» **What is required**:
Give back the whole listing exactly as written, pictures excluded.

++++++++++++++++++++

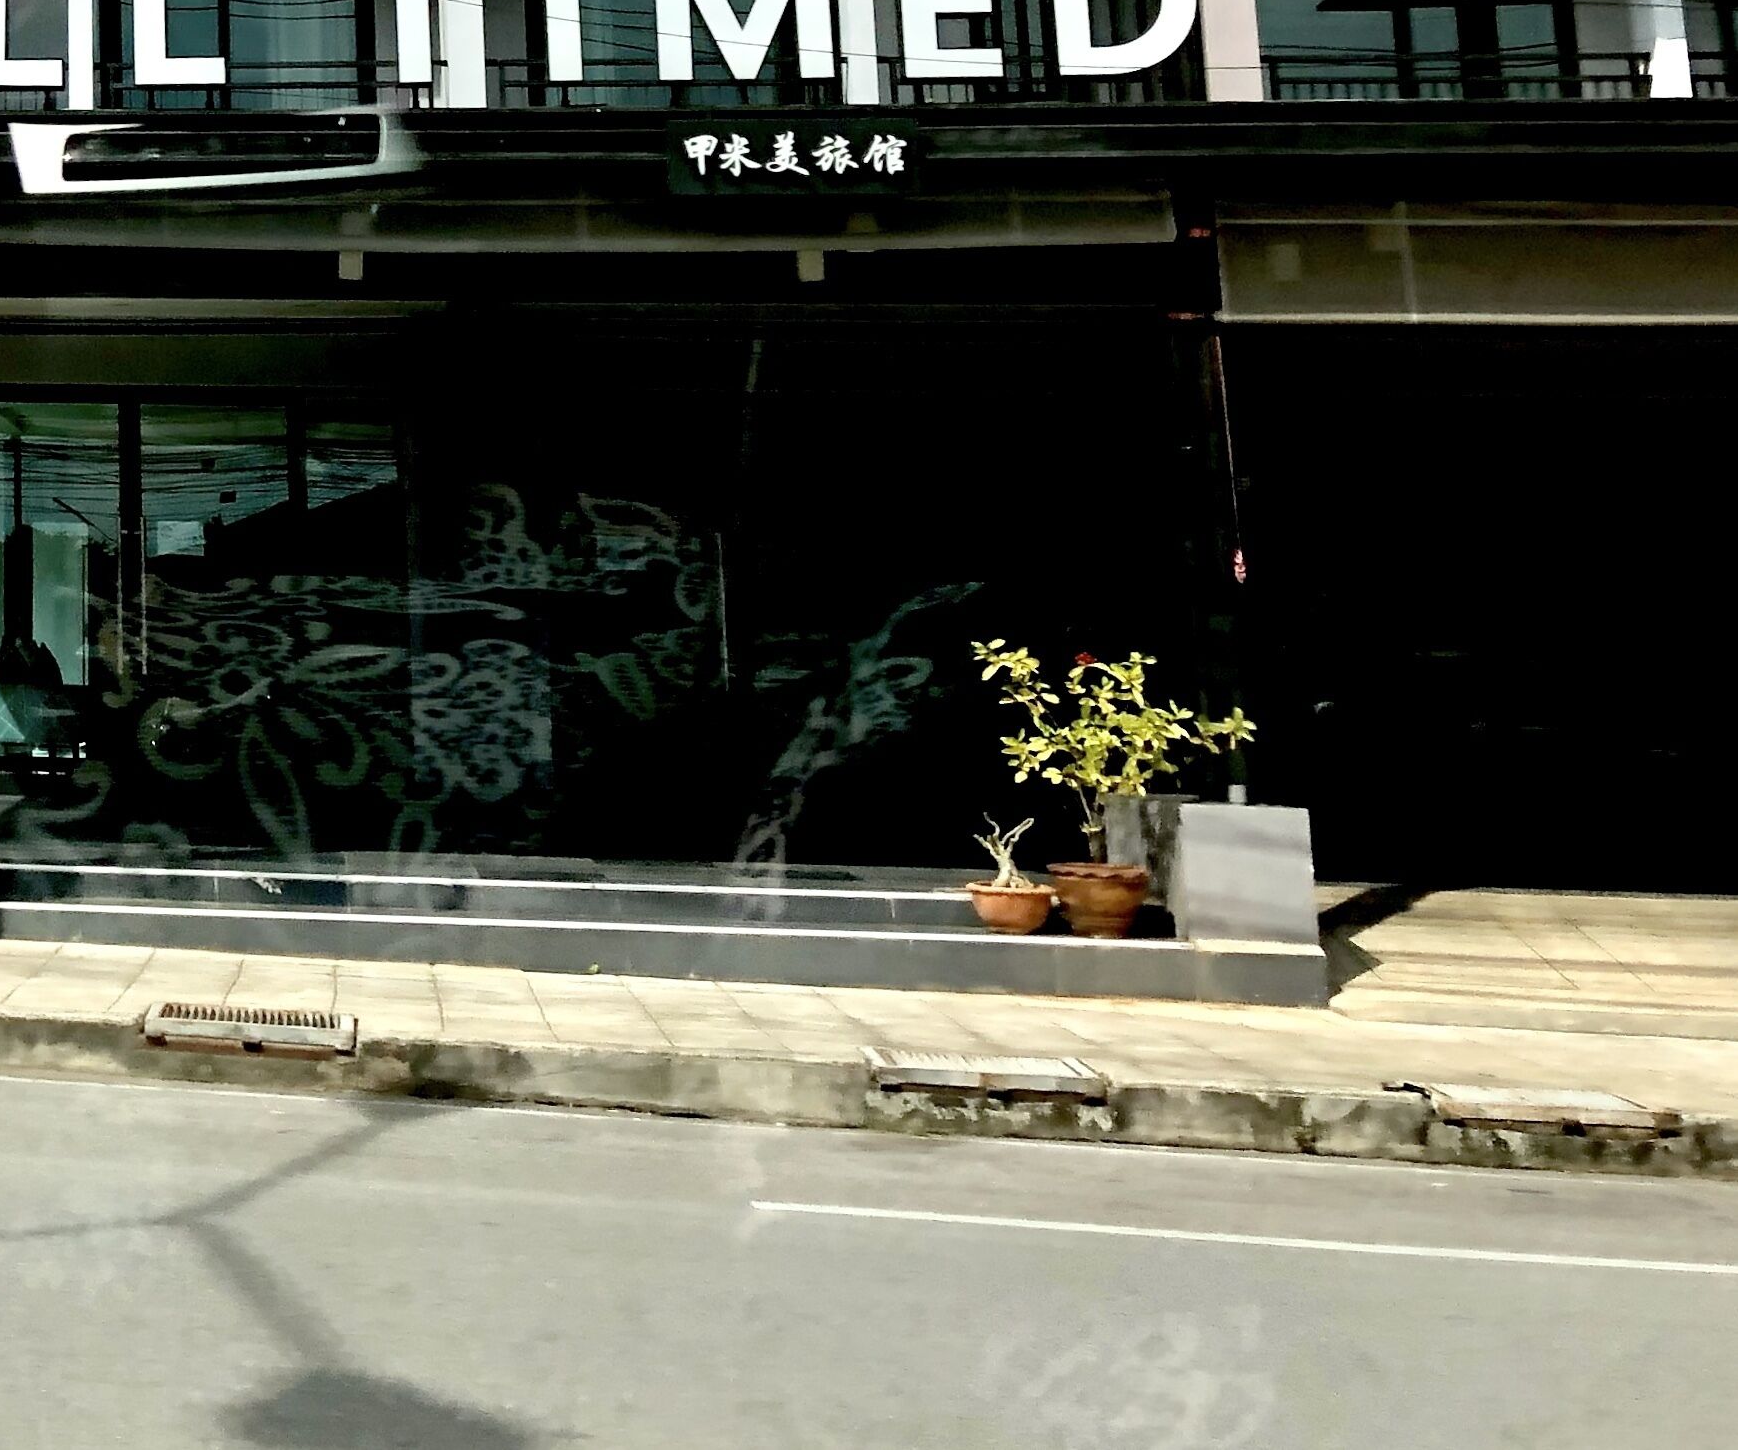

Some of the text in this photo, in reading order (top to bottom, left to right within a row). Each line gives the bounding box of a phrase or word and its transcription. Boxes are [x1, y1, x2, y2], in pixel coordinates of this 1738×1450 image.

[683, 130, 908, 177] 甲米美旅馆
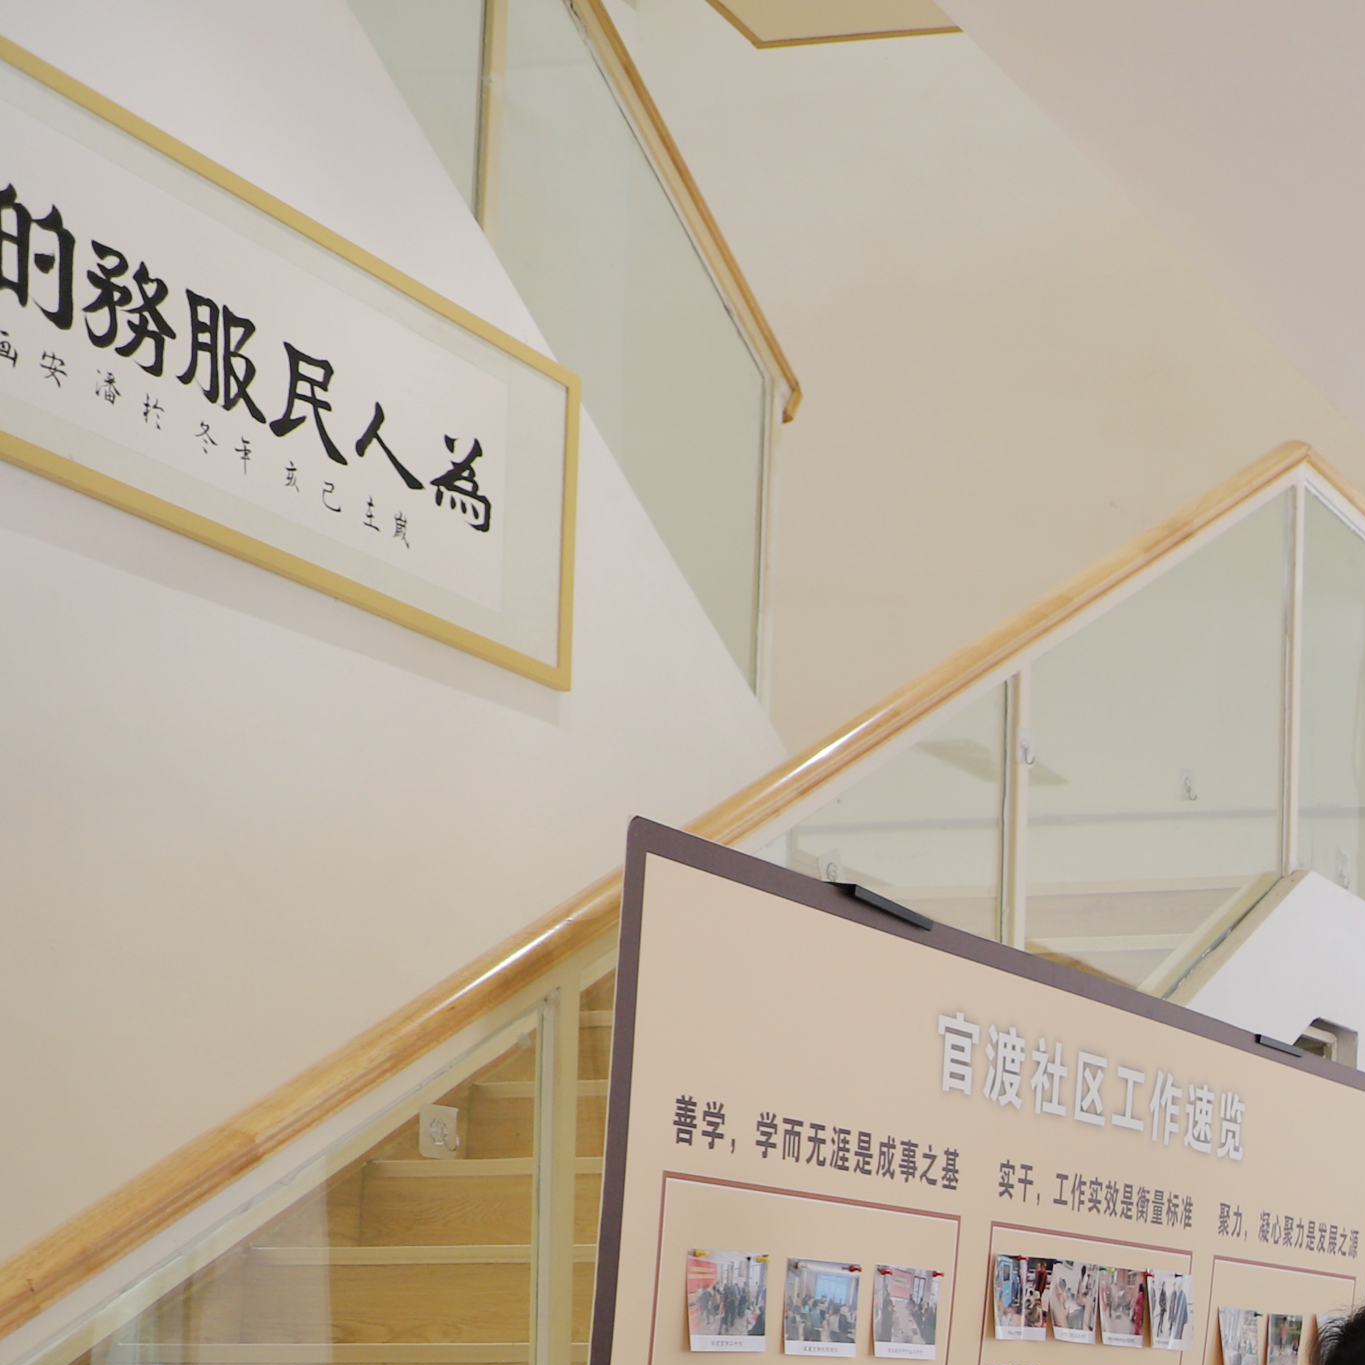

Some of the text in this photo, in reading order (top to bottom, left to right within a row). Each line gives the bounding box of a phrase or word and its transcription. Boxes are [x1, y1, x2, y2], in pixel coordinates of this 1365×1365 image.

[938, 1011, 1246, 1161] 官渡社区工作速览
[673, 1094, 960, 1190] 善学，学而无涯是成事之基
[998, 1159, 1194, 1230] 实干，工作实效是衡量标准
[1217, 1202, 1360, 1259] 聚力，凝心聚力是发展之源
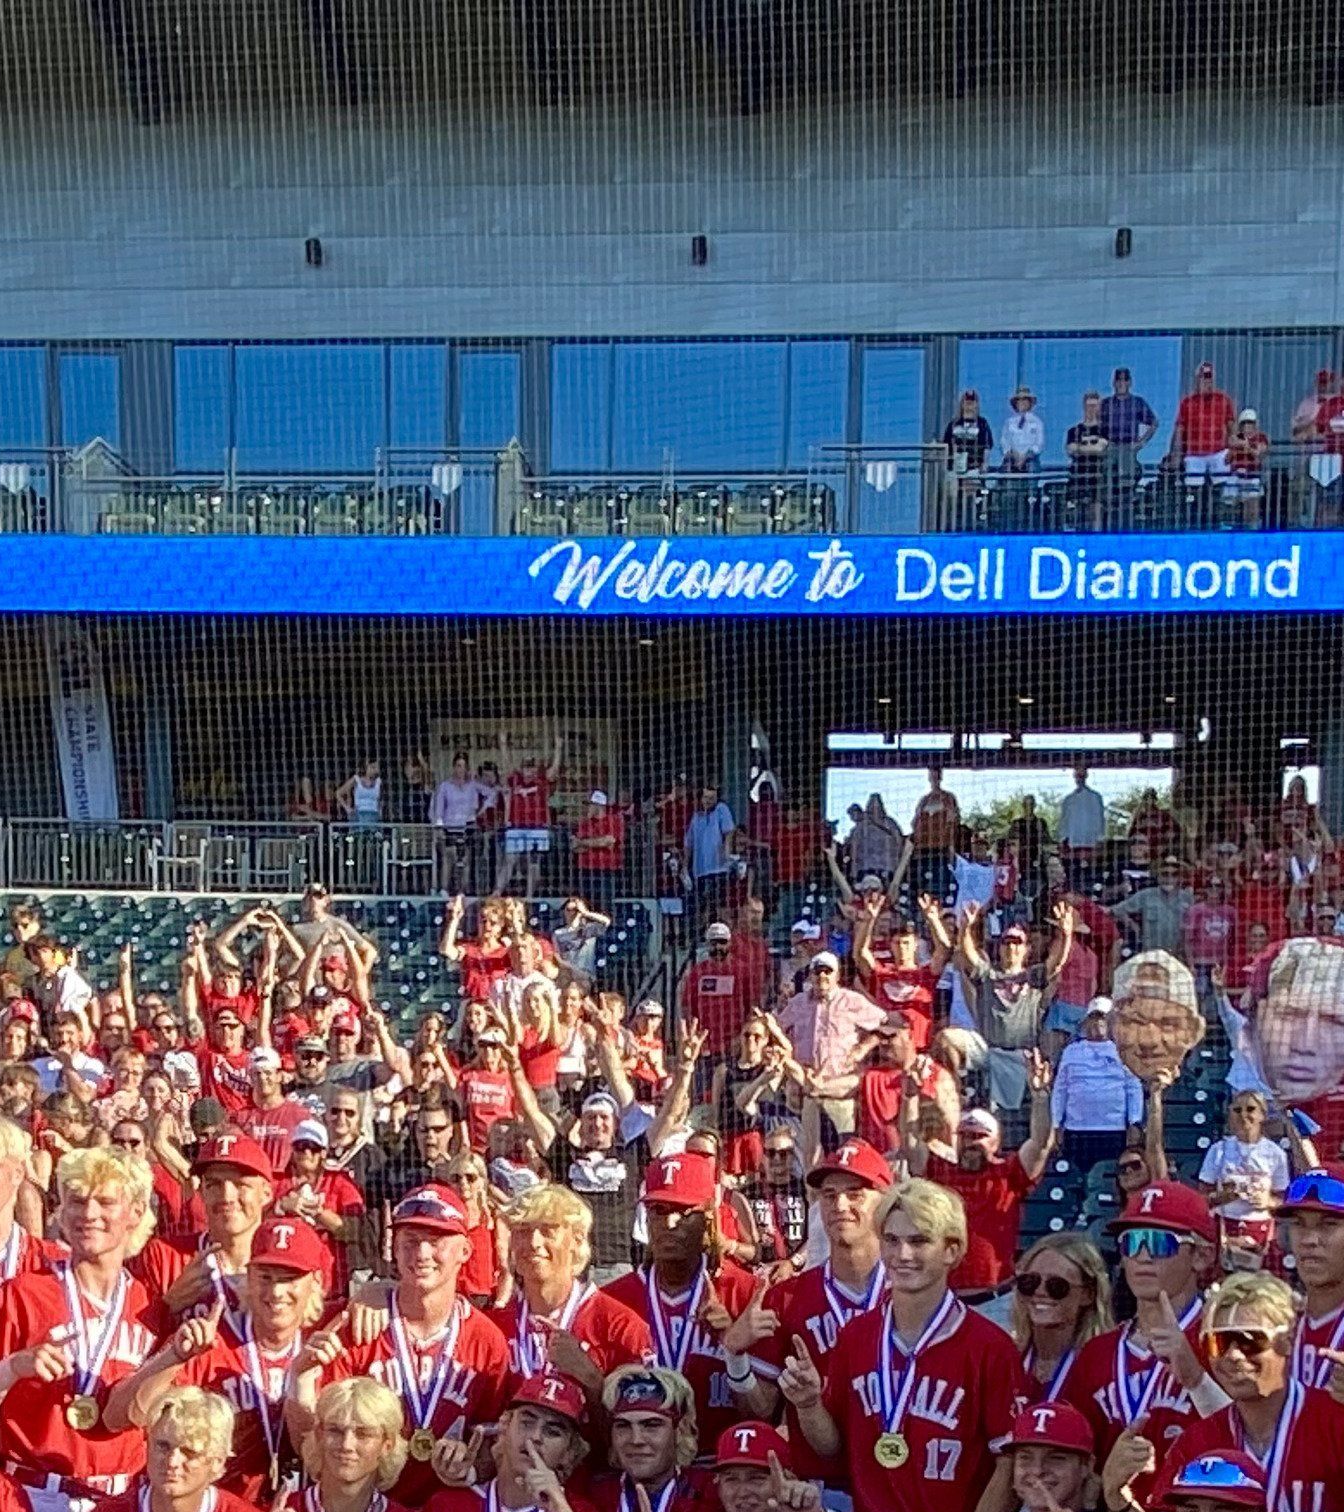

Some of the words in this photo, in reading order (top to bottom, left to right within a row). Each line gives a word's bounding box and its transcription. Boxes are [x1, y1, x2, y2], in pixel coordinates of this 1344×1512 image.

[528, 538, 800, 611] Welcome
[805, 538, 865, 602] to
[895, 547, 1006, 602] Dell
[1028, 544, 1301, 601] Diamond
[660, 1160, 682, 1186] T
[1141, 1187, 1164, 1213] T
[272, 1224, 296, 1249] T
[1032, 1407, 1056, 1433] T
[733, 1427, 757, 1453] T
[923, 1437, 964, 1482] 17
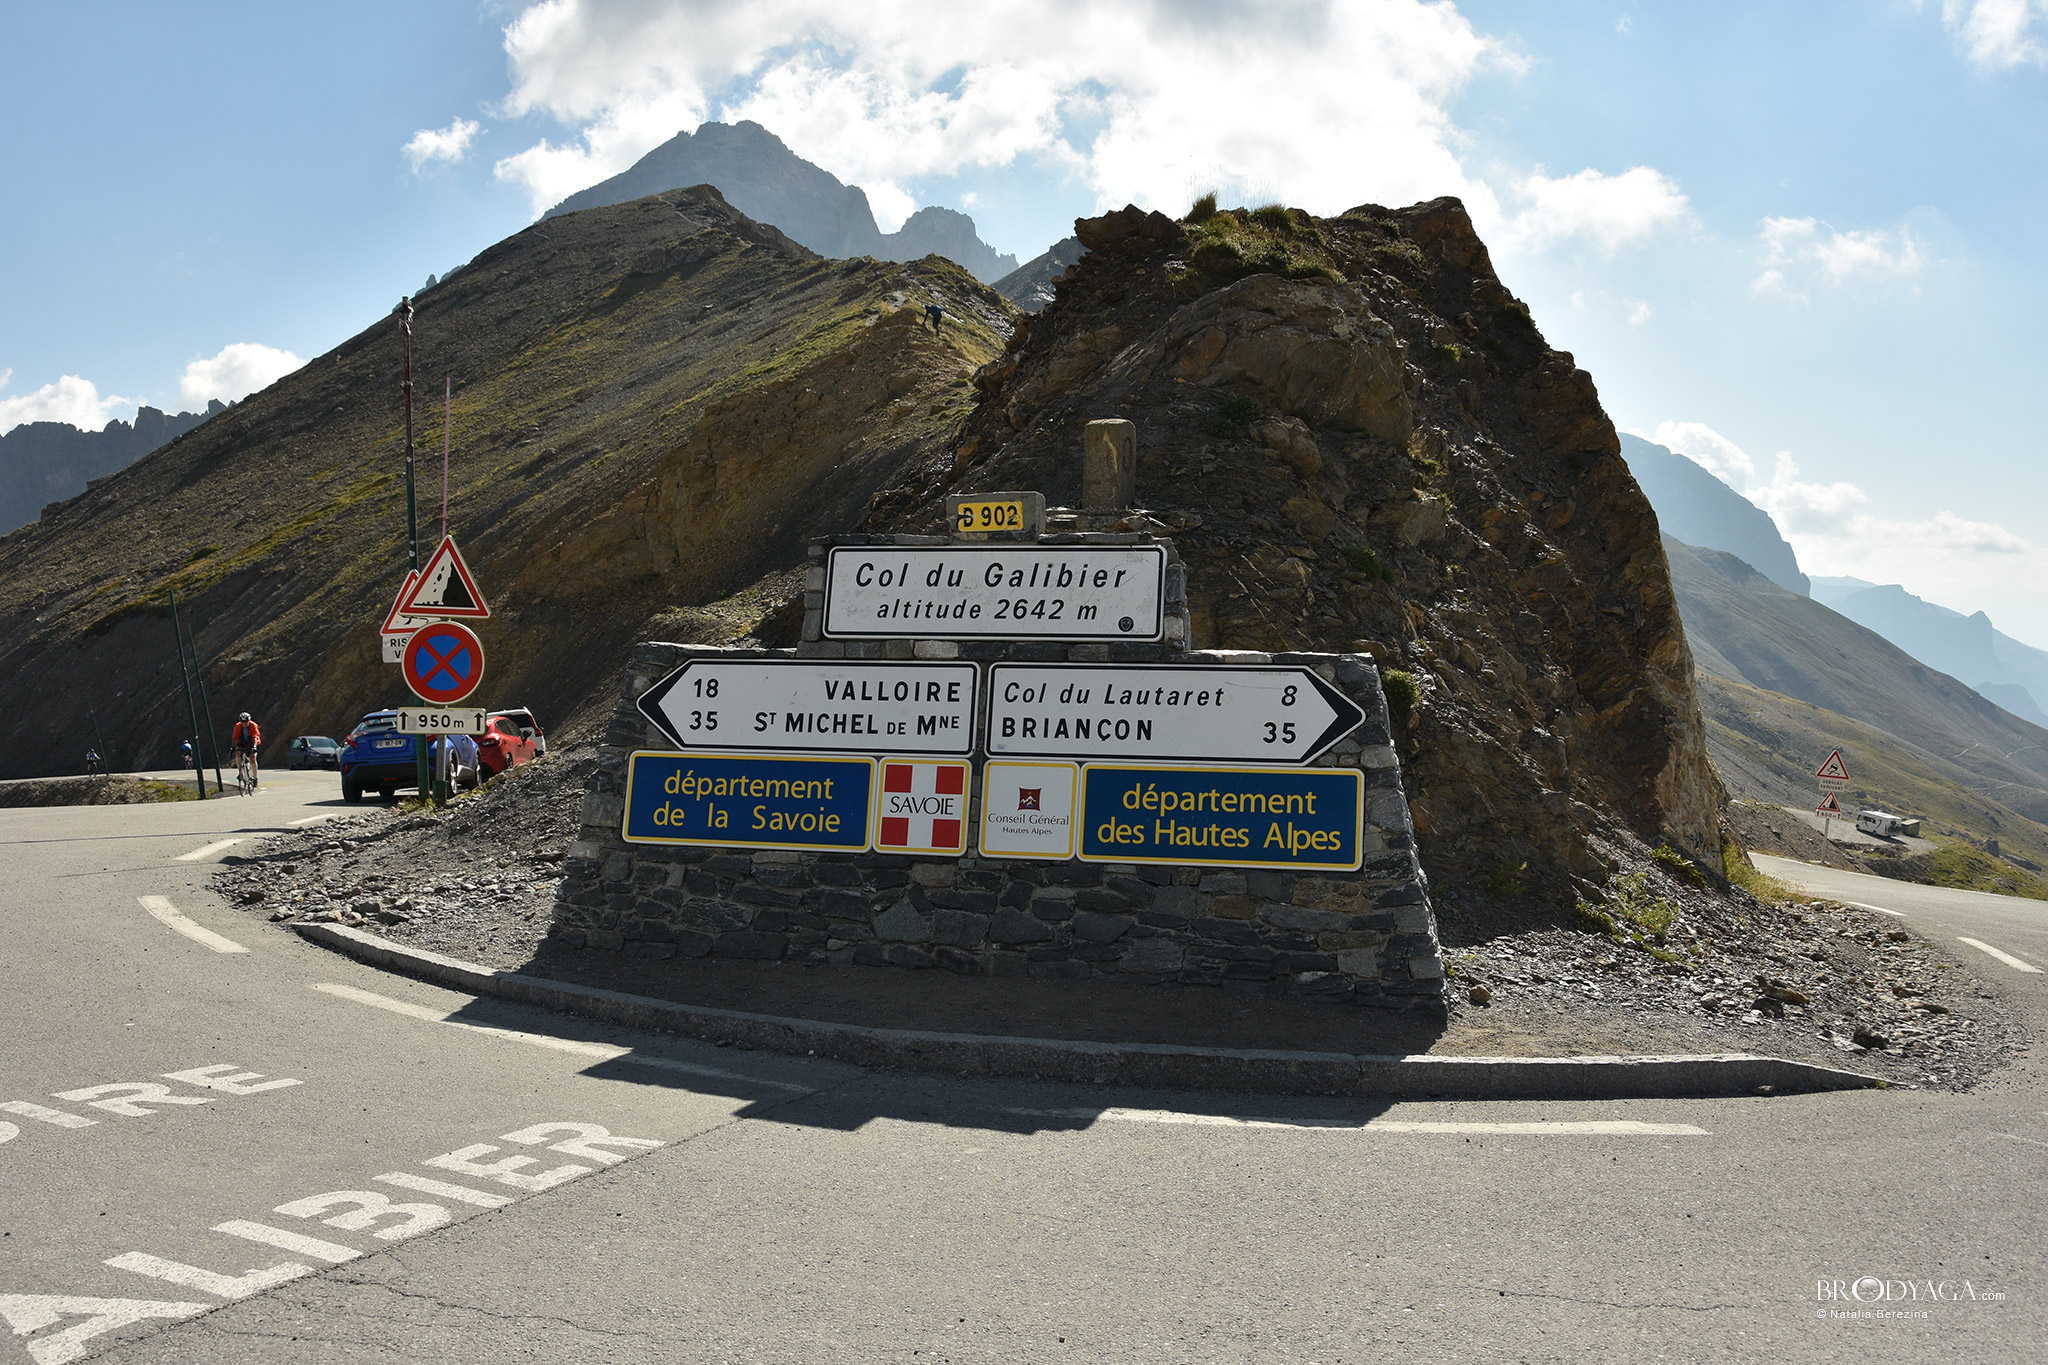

++++++++++++++++++++

» **Answer**:
Some of the text in this photo, in reading order (top to bottom, left to right within a row). Each line gives the bounding box of a phrase or word and its transcription. Boxes are [x1, y1, x2, y2], in pixel coordinates of this 1738×1450 image.

[683, 130, 908, 177] 甲米美旅馆

Some of the text in this photo, in reading order (top to bottom, left to right within a row). Each line gives the bounding box of a phrase or word and its transcription. Boxes are [x1, y1, x2, y2], in pixel coordinates of this 1365×1365 image.

[938, 1011, 1246, 1161] 官渡社区工作速览
[673, 1094, 960, 1190] 善学，学而无涯是成事之基
[998, 1159, 1194, 1230] 实干，工作实效是衡量标准
[1217, 1202, 1360, 1259] 聚力，凝心聚力是发展之源

Some of the words in this photo, in reading order (top to bottom, left to right within a row). Each line gives a word's bounding box and its transcription. Boxes are [x1, y1, x2, y2], in pixel coordinates of this 1344×1512 image.

[528, 538, 800, 611] Welcome
[805, 538, 865, 602] to
[895, 547, 1006, 602] Dell
[1028, 544, 1301, 601] Diamond
[660, 1160, 682, 1186] T
[1141, 1187, 1164, 1213] T
[272, 1224, 296, 1249] T
[1032, 1407, 1056, 1433] T
[733, 1427, 757, 1453] T
[923, 1437, 964, 1482] 17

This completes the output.